August 12, 2012
NAIROBI, Kenya -- One of China's most visible stars wants his countrymen to know that their rising appetite for ivory is resulting in dead elephants across Africa.
The former NBA star Yao Ming on Thursday ended a weeklong trip to Kenya where he mingled among elephants and walked with indigenous tribes. The trip is part of an effort to let China's increasingly affluent middle class know that its interest in small ivory trinkets results in the deaths of 6-ton beasts.
"I think we need to increase the public awareness of what ivory is made of," Yao said. "The elephants, including rhinos, their numbers are decreasing."
Images of Yao in Kenya's Samburu National Reserve included the towering former Houston Rockets center walking among colorfully dressed Kenyan tribeswomen and riding in a safari vehicle through a field full of elephants. But one of the starkest images was of Yao bending down to look at the carcass of an elephant whose face was carved away by poachers seeking the beast's valuable ivory tusks.

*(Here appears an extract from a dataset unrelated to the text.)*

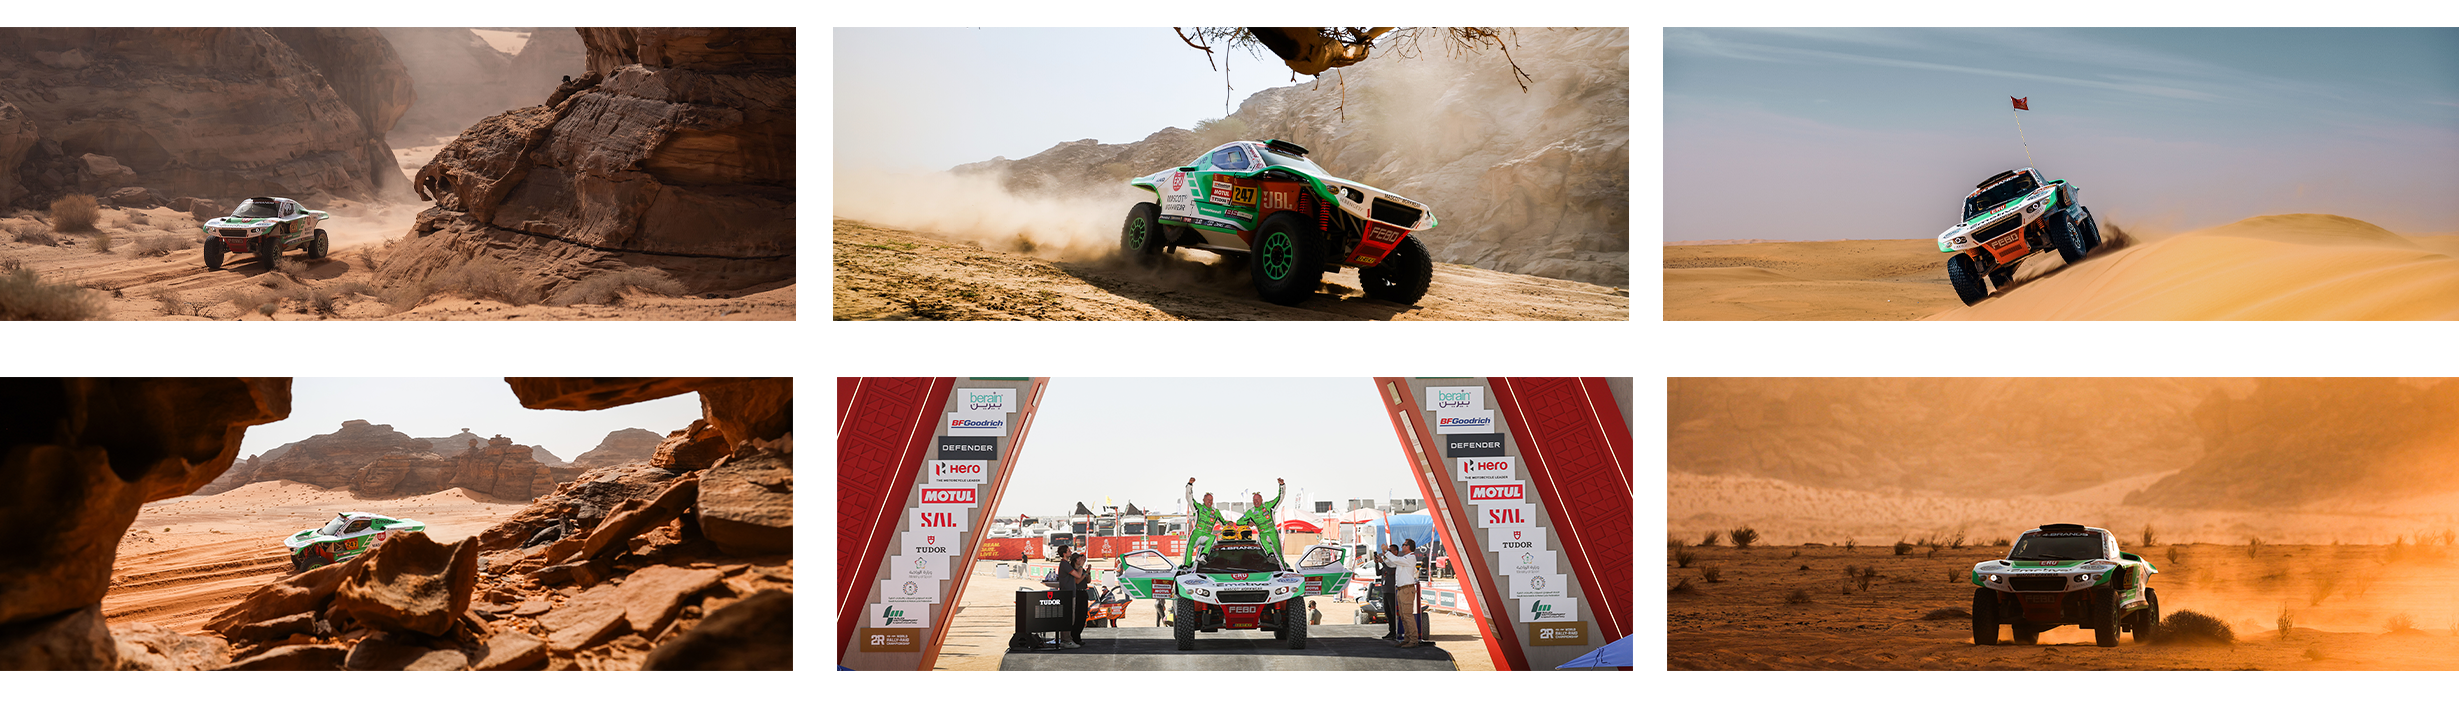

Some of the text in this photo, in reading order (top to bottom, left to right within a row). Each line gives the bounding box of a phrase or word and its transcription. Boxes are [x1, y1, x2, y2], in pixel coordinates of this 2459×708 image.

Labeling the question too sad to answer, Yao demurred when asked about his feelings on seeing the dead elephant, a withered, faceless corpse, though he said he saw "evil" in the killing.
Julius K. Kipng'etich, the director of the Kenya Wildlife Service, gave Yao a tour of a KWS room filled with hundreds of elephant tusks. Kip, as the director is known, said he hopes Ming takes back the message to China to say that when Chinese people buy ivory, they are helping lead elephants to extinction.
"It's time to say no, because only elephants should wear ivory," Kip said. "Africa has only 400,000 elephants. That's it. If we kill all of those. It's finished."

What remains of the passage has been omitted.